### Work instruction
Give the data again exactly, without its images.

### Dataset records

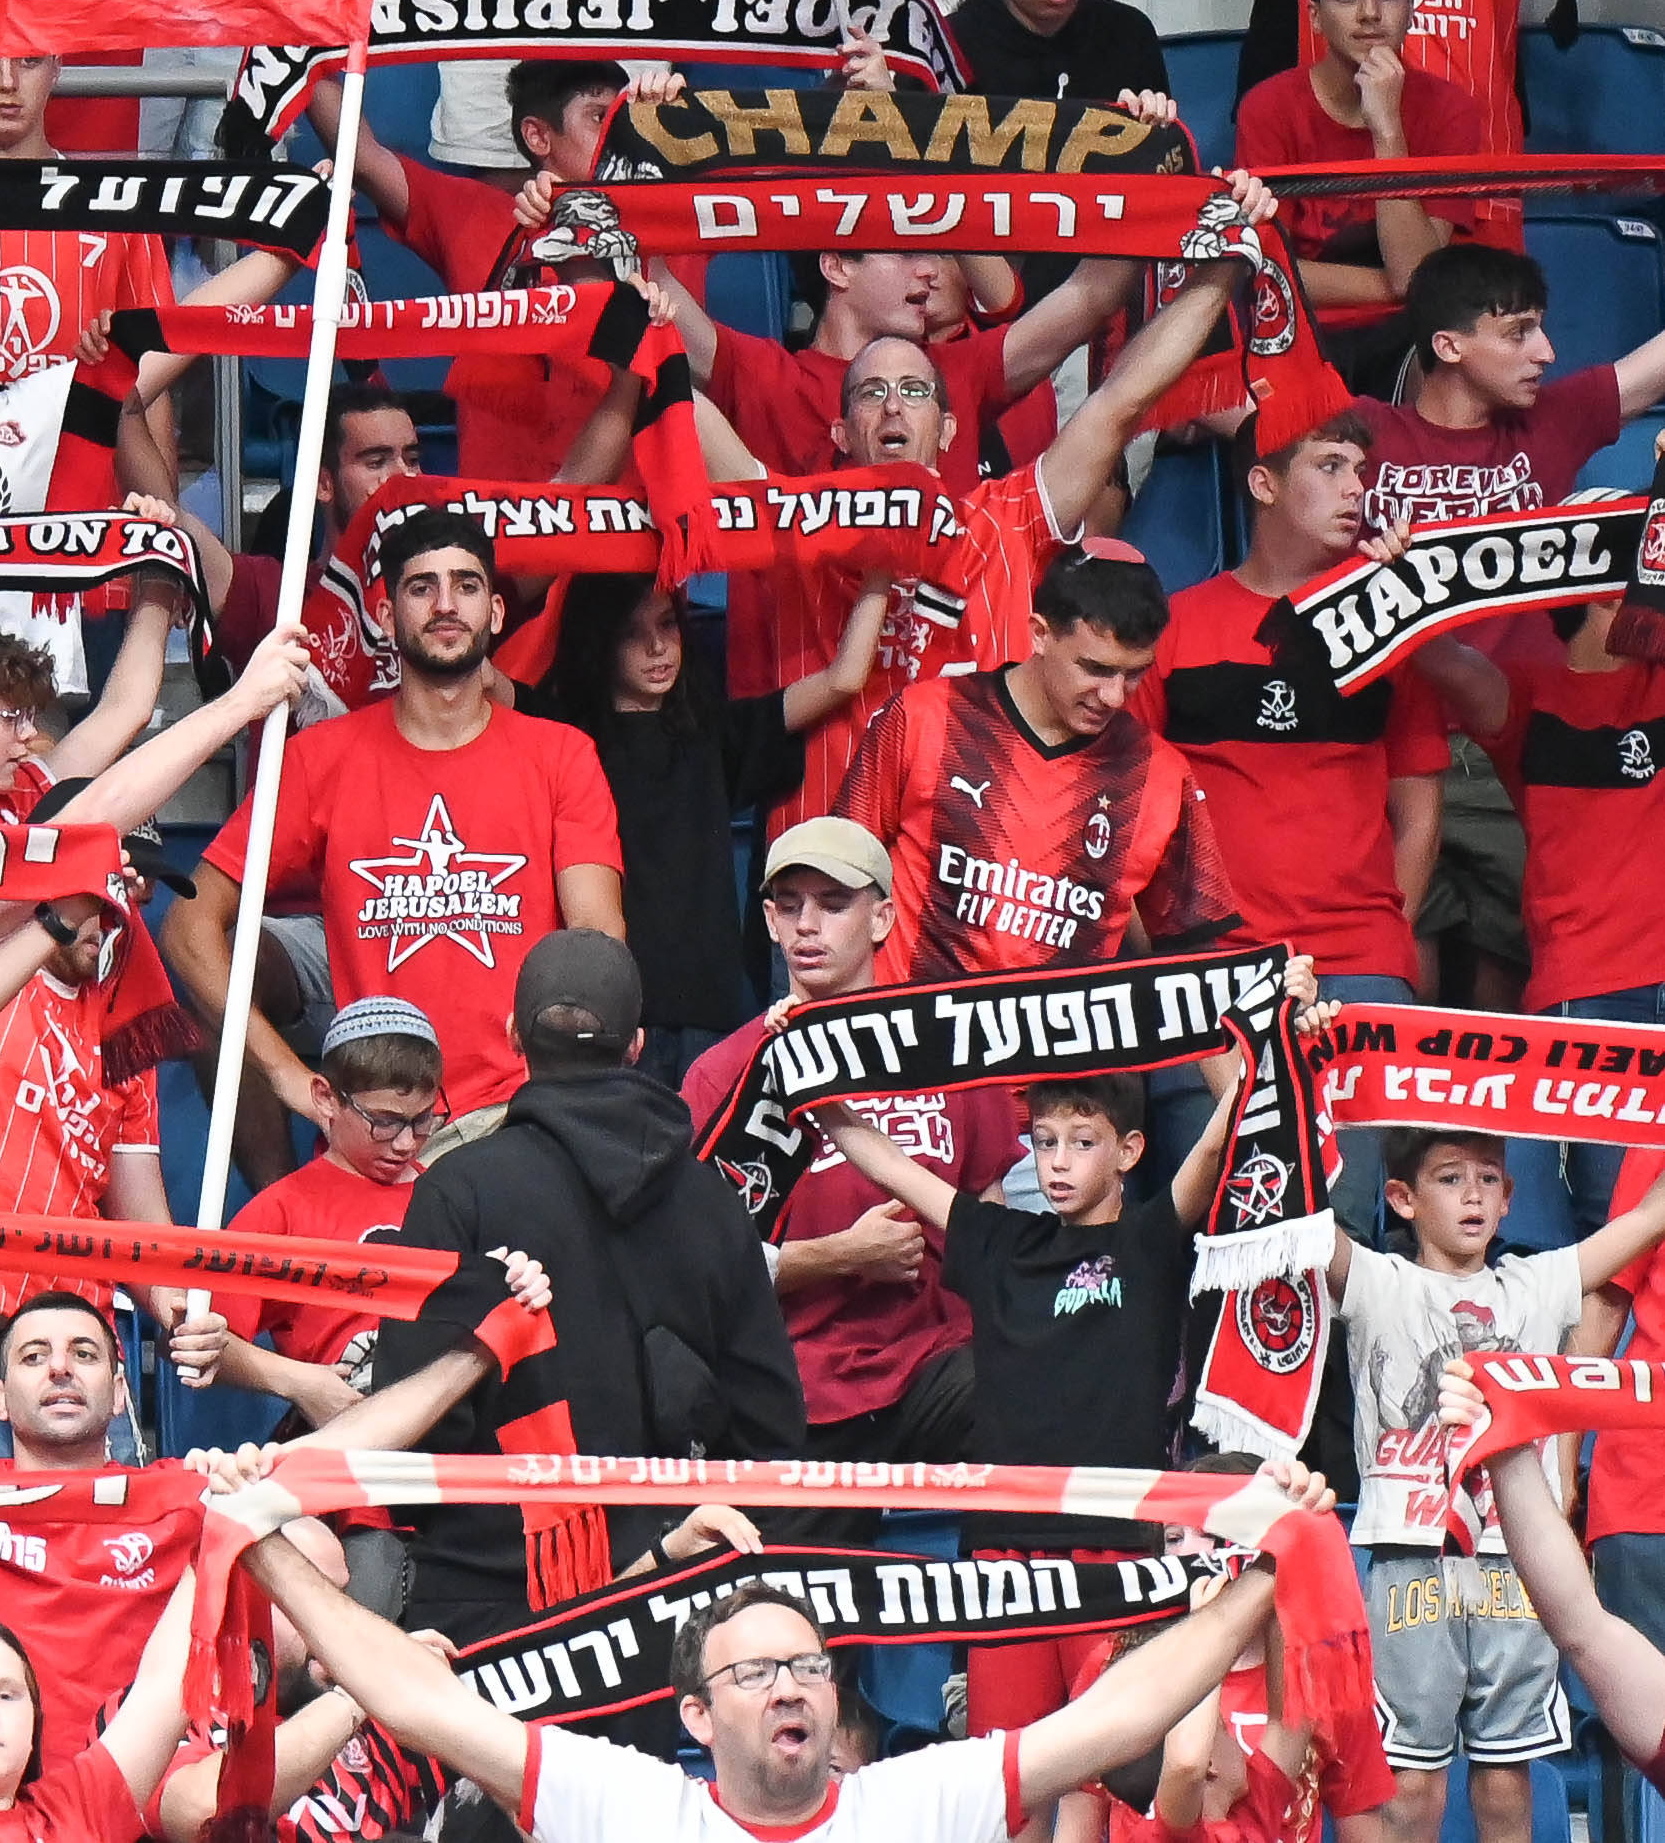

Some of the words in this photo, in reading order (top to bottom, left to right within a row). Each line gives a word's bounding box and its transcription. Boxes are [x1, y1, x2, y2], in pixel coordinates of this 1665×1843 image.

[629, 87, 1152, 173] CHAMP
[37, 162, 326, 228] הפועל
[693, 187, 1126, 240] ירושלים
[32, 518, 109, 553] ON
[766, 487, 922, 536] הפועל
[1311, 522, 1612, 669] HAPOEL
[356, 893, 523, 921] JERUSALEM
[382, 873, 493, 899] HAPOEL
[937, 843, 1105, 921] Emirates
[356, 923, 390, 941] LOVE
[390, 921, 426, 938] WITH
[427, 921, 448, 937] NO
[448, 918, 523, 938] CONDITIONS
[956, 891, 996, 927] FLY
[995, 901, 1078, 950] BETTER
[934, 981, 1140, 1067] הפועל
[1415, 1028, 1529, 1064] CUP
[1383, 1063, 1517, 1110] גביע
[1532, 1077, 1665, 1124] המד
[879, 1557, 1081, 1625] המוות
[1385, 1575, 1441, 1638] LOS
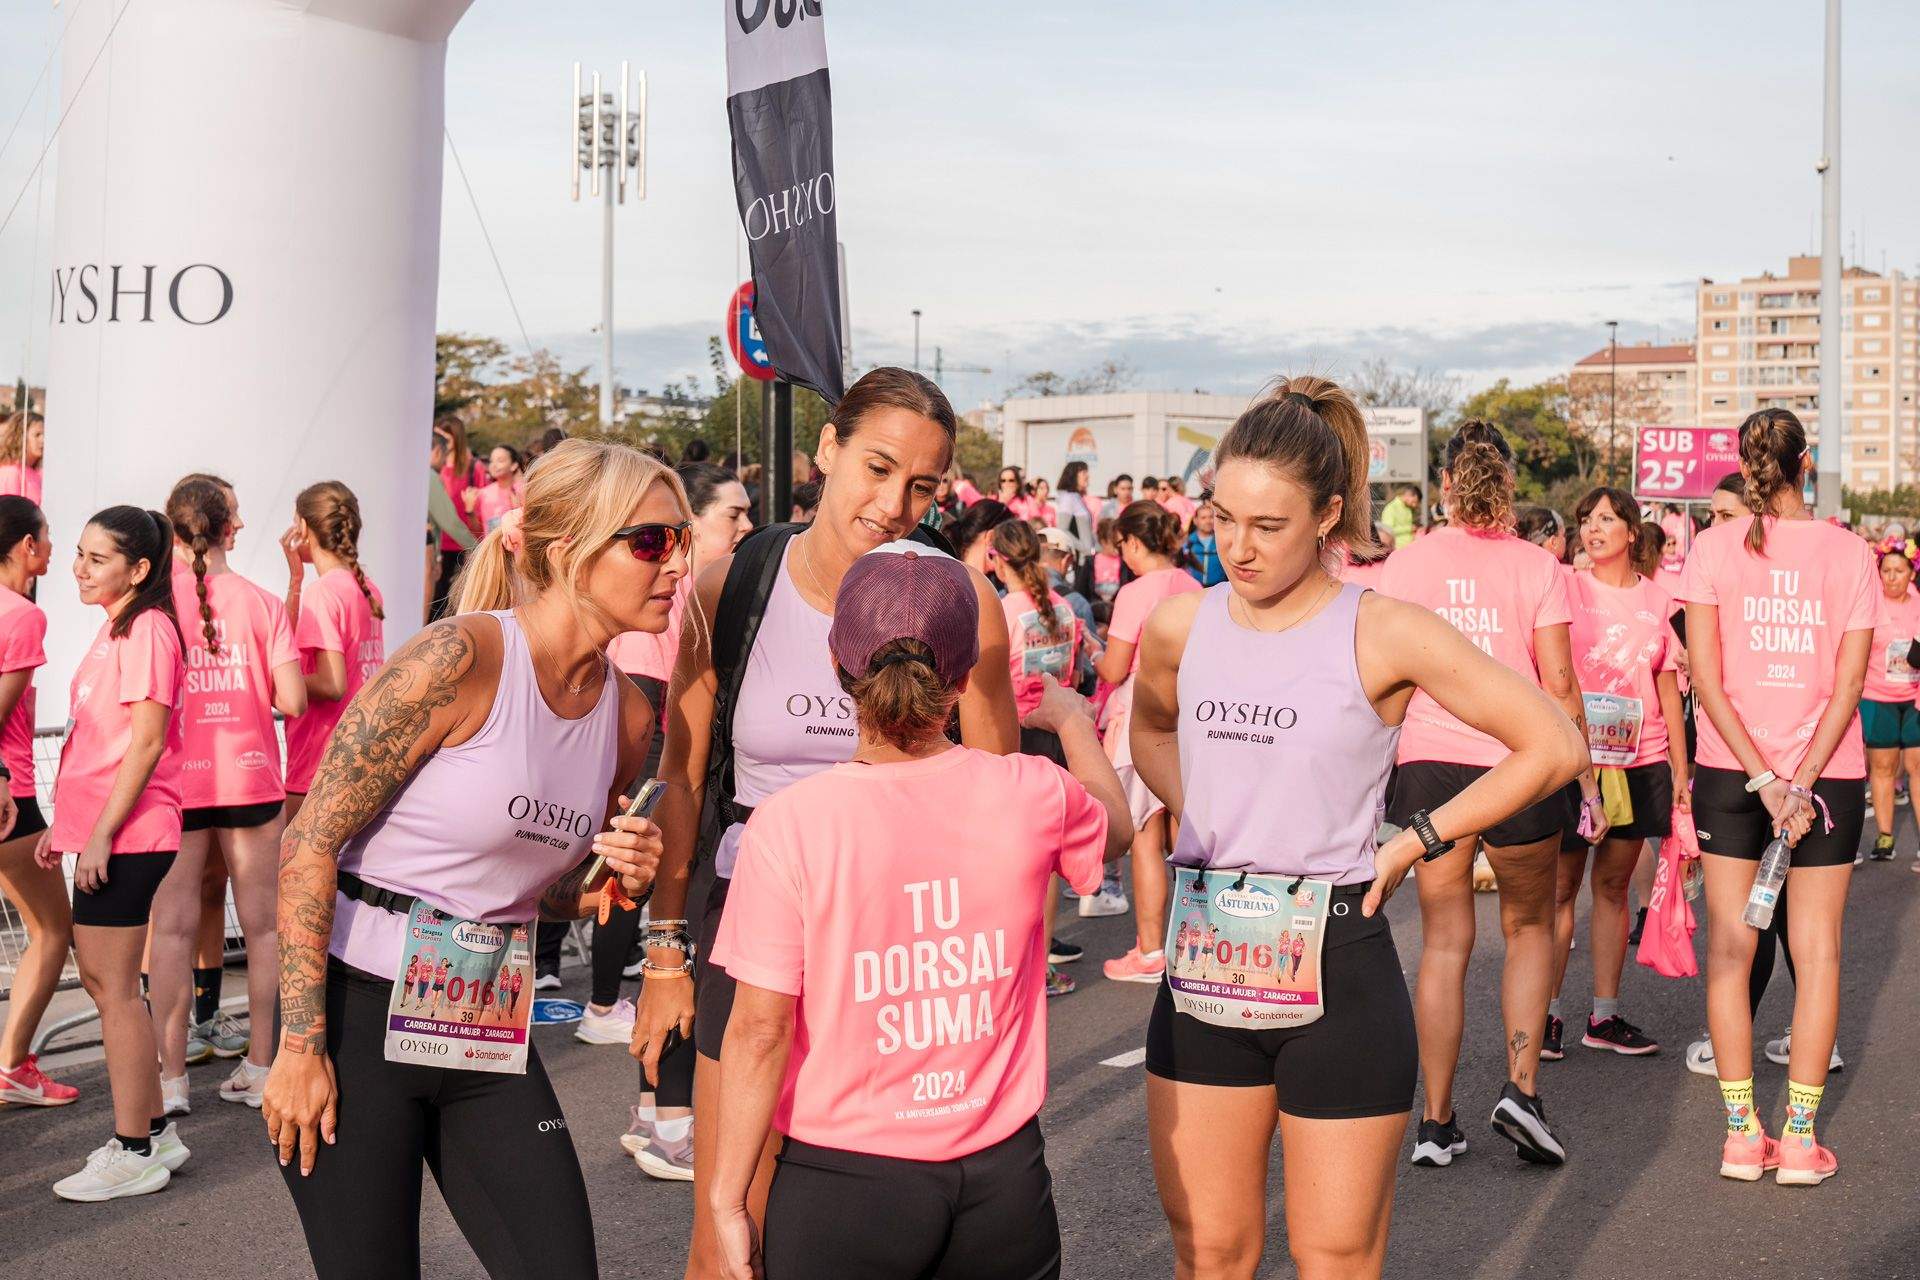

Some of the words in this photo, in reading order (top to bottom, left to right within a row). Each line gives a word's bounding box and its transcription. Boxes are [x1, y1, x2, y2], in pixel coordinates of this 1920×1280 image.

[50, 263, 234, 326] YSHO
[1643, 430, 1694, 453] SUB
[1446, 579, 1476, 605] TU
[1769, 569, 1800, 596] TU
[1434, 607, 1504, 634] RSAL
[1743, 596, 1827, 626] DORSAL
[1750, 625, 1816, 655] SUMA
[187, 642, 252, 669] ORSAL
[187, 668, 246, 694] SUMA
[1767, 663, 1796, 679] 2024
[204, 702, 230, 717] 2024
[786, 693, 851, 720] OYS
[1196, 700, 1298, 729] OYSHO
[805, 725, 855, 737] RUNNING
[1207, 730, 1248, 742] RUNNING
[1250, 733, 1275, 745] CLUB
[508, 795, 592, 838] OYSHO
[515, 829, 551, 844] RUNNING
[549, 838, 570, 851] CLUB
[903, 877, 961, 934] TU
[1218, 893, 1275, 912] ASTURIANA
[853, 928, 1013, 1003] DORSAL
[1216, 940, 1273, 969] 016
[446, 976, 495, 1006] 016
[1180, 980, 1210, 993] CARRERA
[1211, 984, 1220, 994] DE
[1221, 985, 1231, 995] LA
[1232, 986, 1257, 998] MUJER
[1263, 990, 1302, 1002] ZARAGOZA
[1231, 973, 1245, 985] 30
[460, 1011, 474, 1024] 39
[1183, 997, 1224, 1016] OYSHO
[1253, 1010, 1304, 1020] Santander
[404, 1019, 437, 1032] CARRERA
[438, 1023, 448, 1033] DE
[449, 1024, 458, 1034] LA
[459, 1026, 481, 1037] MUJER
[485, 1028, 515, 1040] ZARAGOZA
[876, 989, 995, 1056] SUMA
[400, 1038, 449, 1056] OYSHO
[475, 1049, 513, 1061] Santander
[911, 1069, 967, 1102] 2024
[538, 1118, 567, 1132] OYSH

### Solution for this task
Some of the words in this photo, in reading order (top to bottom, left to right within a row). Each line gives a word's bounding box and its transcription. Boxes are [x1, y1, x2, y2], in pixel coordinates of this 1665×1843 image.

[629, 87, 1152, 173] CHAMP
[37, 162, 326, 228] הפועל
[693, 187, 1126, 240] ירושלים
[32, 518, 109, 553] ON
[766, 487, 922, 536] הפועל
[1311, 522, 1612, 669] HAPOEL
[356, 893, 523, 921] JERUSALEM
[382, 873, 493, 899] HAPOEL
[937, 843, 1105, 921] Emirates
[356, 923, 390, 941] LOVE
[390, 921, 426, 938] WITH
[427, 921, 448, 937] NO
[448, 918, 523, 938] CONDITIONS
[956, 891, 996, 927] FLY
[995, 901, 1078, 950] BETTER
[934, 981, 1140, 1067] הפועל
[1415, 1028, 1529, 1064] CUP
[1383, 1063, 1517, 1110] גביע
[1532, 1077, 1665, 1124] המד
[879, 1557, 1081, 1625] המוות
[1385, 1575, 1441, 1638] LOS

Some of the words in this photo, in reading order (top to bottom, left to right within a row). Each line gives a word's bounding box and its transcription. Boxes are [x1, y1, x2, y2], in pixel coordinates of this 1920×1280 image.

[50, 263, 234, 326] YSHO
[1643, 430, 1694, 453] SUB
[1446, 579, 1476, 605] TU
[1769, 569, 1800, 596] TU
[1434, 607, 1504, 634] RSAL
[1743, 596, 1827, 626] DORSAL
[1750, 625, 1816, 655] SUMA
[187, 642, 252, 669] ORSAL
[187, 668, 246, 694] SUMA
[1767, 663, 1796, 679] 2024
[204, 702, 230, 717] 2024
[786, 693, 851, 720] OYS
[1196, 700, 1298, 729] OYSHO
[805, 725, 855, 737] RUNNING
[1207, 730, 1248, 742] RUNNING
[1250, 733, 1275, 745] CLUB
[508, 795, 592, 838] OYSHO
[515, 829, 551, 844] RUNNING
[549, 838, 570, 851] CLUB
[903, 877, 961, 934] TU
[1218, 893, 1275, 912] ASTURIANA
[853, 928, 1013, 1003] DORSAL
[1216, 940, 1273, 969] 016
[446, 976, 495, 1006] 016
[1180, 980, 1210, 993] CARRERA
[1211, 984, 1220, 994] DE
[1221, 985, 1231, 995] LA
[1232, 986, 1257, 998] MUJER
[1263, 990, 1302, 1002] ZARAGOZA
[1231, 973, 1245, 985] 30
[460, 1011, 474, 1024] 39
[1183, 997, 1224, 1016] OYSHO
[1253, 1010, 1304, 1020] Santander
[404, 1019, 437, 1032] CARRERA
[438, 1023, 448, 1033] DE
[449, 1024, 458, 1034] LA
[459, 1026, 481, 1037] MUJER
[485, 1028, 515, 1040] ZARAGOZA
[876, 989, 995, 1056] SUMA
[400, 1038, 449, 1056] OYSHO
[475, 1049, 513, 1061] Santander
[911, 1069, 967, 1102] 2024
[538, 1118, 567, 1132] OYSH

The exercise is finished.